Tiger Woods ended the suspense on Tuesday saying he will play the Masters just 14 months after a car crash that nearly resulted in doctors amputating his right leg, setting the stage for what could go down as one of sport’s greatest comebacks.
In a career already packed with remarkable comebacks, this week at Augusta National could be the scene of something extraordinary, with Woods saying he will not only play the Masters but that he can win a sixth Green Jacket.
Woods had teased on Sunday that playing in the year’s first major would be a “game-time” decision and after a morning on the practice range, he walked into the media center and delivered the news golf fans had been waiting to hear.
“As of right now, I feel like I am going to play,” Woods said during his pre-tournament news conference. “I don’t show up to an event unless I think I can win it.
“I love competing, and I feel like if I can still compete at the highest level, I’m going to and if I feel like I can still win, I’m going to play.”
Woods has not competed on the PGA Tour since the November 2020 Masters and cast serious doubt on his professional golfing future after suffering serious leg injuries in a February 2021 car crash.
The 46-year-old played a practice round on Monday and after nine holes was noticeably limping as he made his way up to the ninth green.

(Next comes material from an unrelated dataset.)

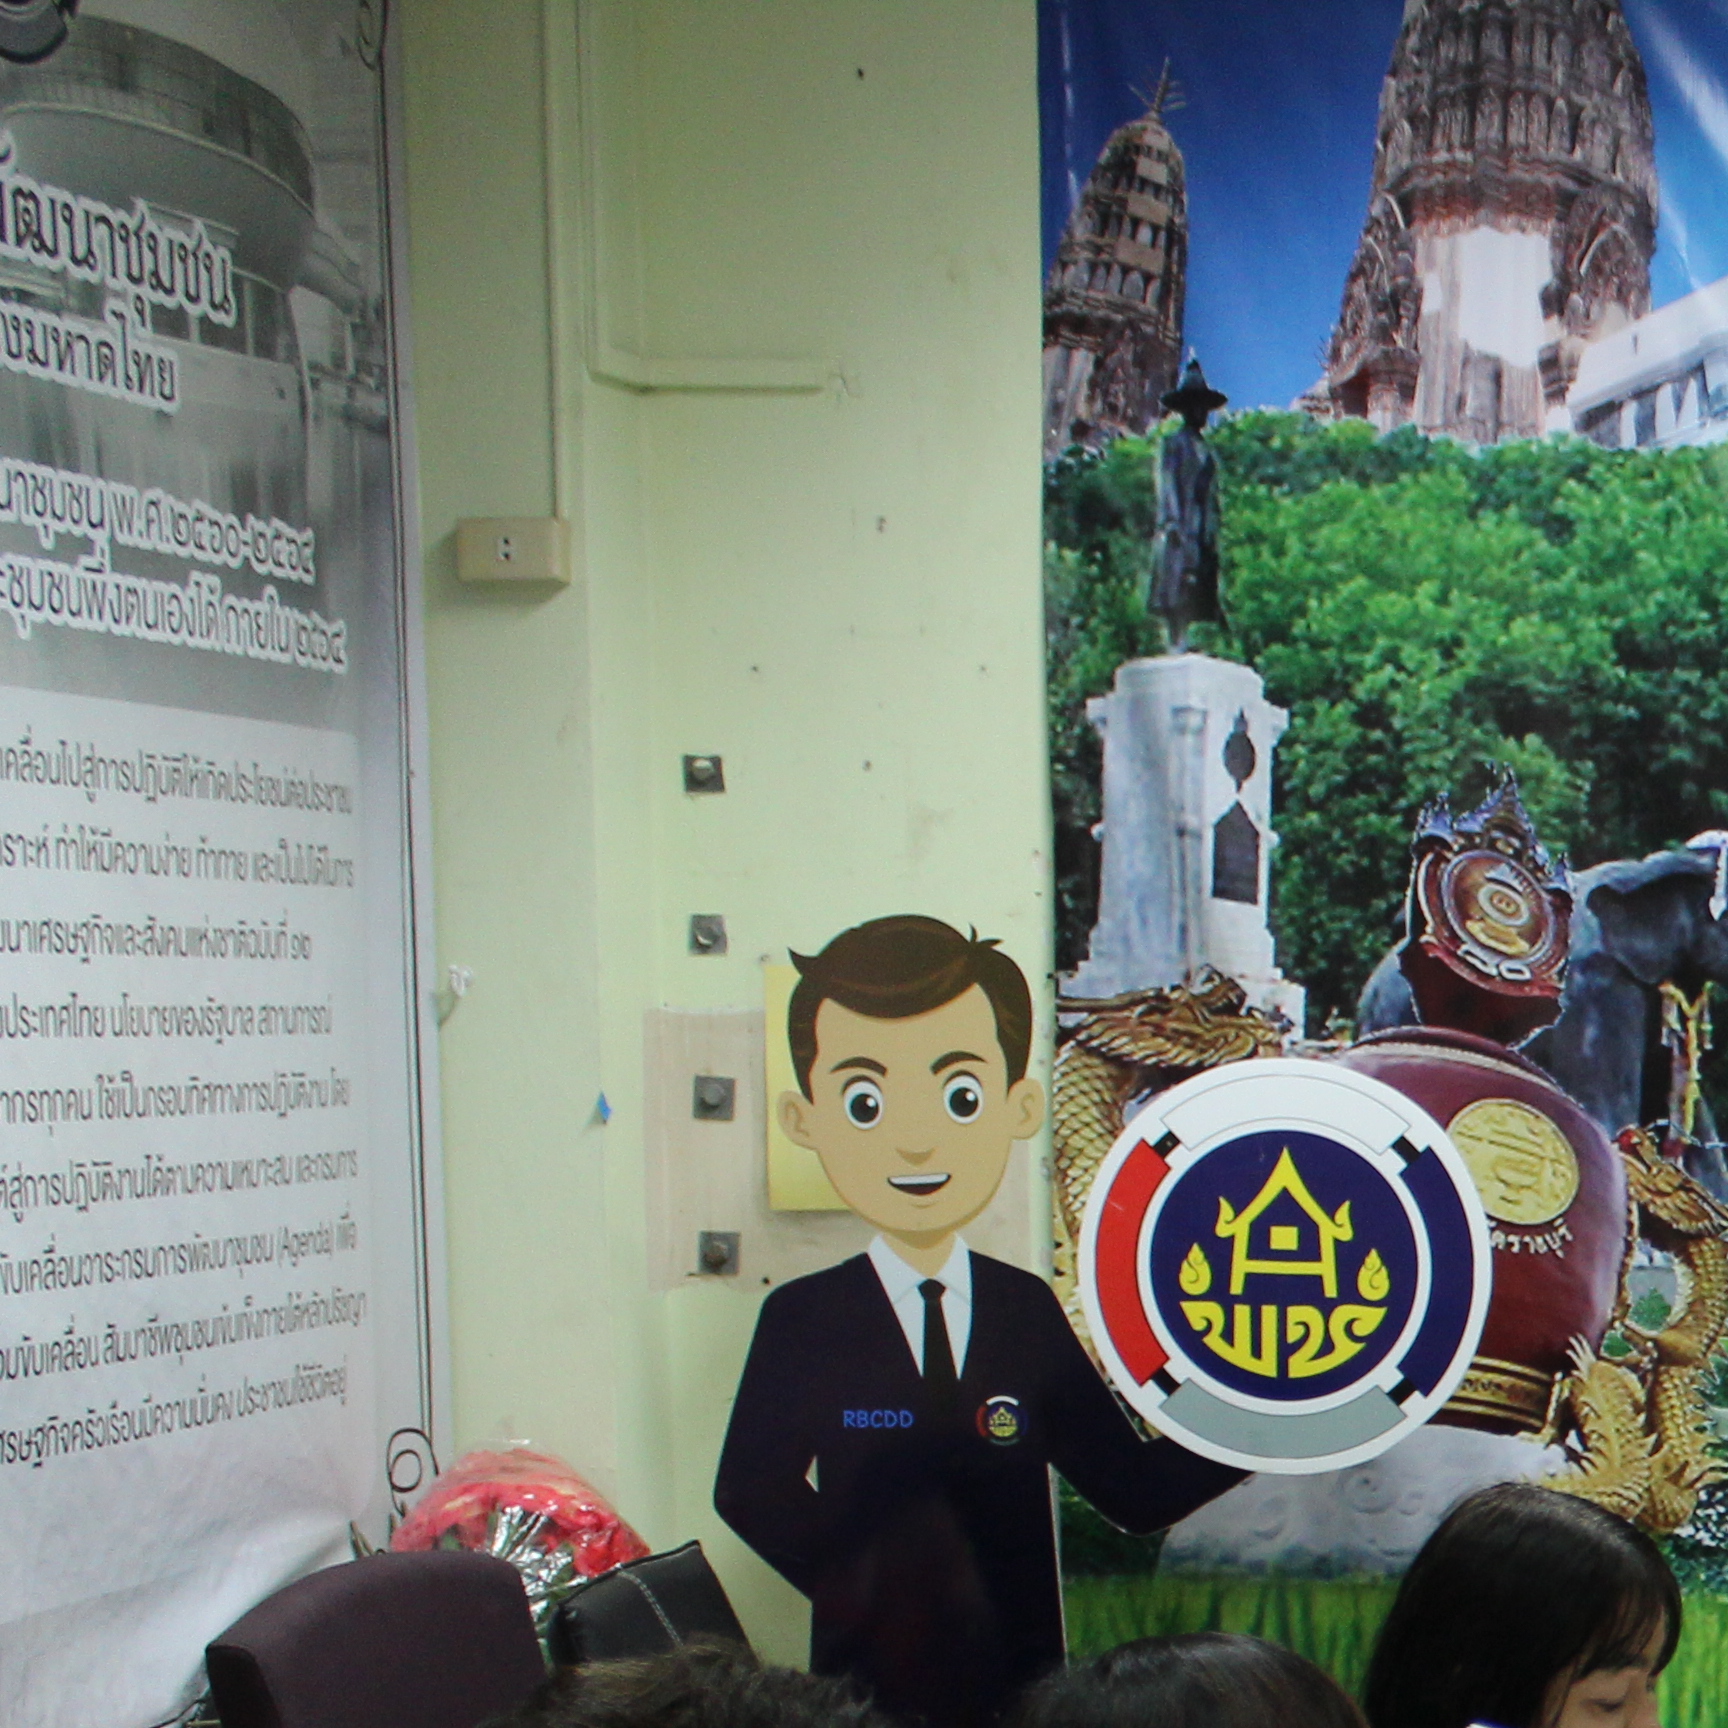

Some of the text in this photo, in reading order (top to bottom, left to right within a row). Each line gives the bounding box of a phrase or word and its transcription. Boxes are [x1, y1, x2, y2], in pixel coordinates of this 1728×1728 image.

[0, 143, 232, 327] ัฒนาชุมชน
[842, 1409, 914, 1429] RBCDD

By all accounts Woods’ game is in good shape, with the bigger question being how well his damaged leg will hold up over a potential four rounds on the undulating Augusta National layout, which is one of the more demanding tracks on the PGA Tour.
“You know, 72 holes is a long road, and it’s going to be a tough challenge and a challenge that I’m up for,” assured Woods. “There is [pain] each and every day.
“I can hit it just fine. I don’t have any qualms about what I can do physically from a golf standpoint.
“It’s now walking is the hard part. This is normally not an easy walk to begin with. Now given the conditions that my leg is in, it gets even more difficult.”
Woods is no stranger to playing through pain, something he famously proved at the 2008 U.S. Open where he prevailed in a thrilling playoff at Torrey Pines while competing on what was essentially a broken leg.
He capped one of the most miraculous comebacks in professional sport when, at the age of 43, he won the Masters in 2019 after enduring years of surgery and personal problems that convinced many the best golfer of his generation was done.
The 15-time major winner’s career again looked over following his horrific crash to the point where even he finds it hard to believe he is back at Augusta National not just for the Champions Dinner but playing.
“It’s been one of those things where I’ve had to endure pain before,” said Woods.
“This is different obviously. This is a lot more traumatic, what has transpired to my leg. At that time (weeks after the accident) I was still in a hospital bed. I never left that hospital bed even to see my living room for three months. So that was a tough road. To say that I was going to be here playing and talking to you guys again, it would have been very unlikely.”
While the initial suspense has ended, the drama is just beginning at Augusta National as everyone waits to see just how prepared Woods is to compete.
Woods is set to tee off at 10:34 a.m. ET on Thursday in a threesome with South African Louis Oosthuizen and Chile’s Joaquin Niemann.
After two years of COVID-19 restrictions that limited the number of spectators allowed onto the grounds, the fans have returned in massive numbers and so has the unmistakable Augusta National buzz, amplified by the presence of Woods.
“I think that the fact that I was able to get myself here to this point is a success,” said Woods. “Now that I am playing, now that everything is focused on how do I get myself into the position where I’m on that back nine on Sunday with a chance? Just like I did a few years ago.”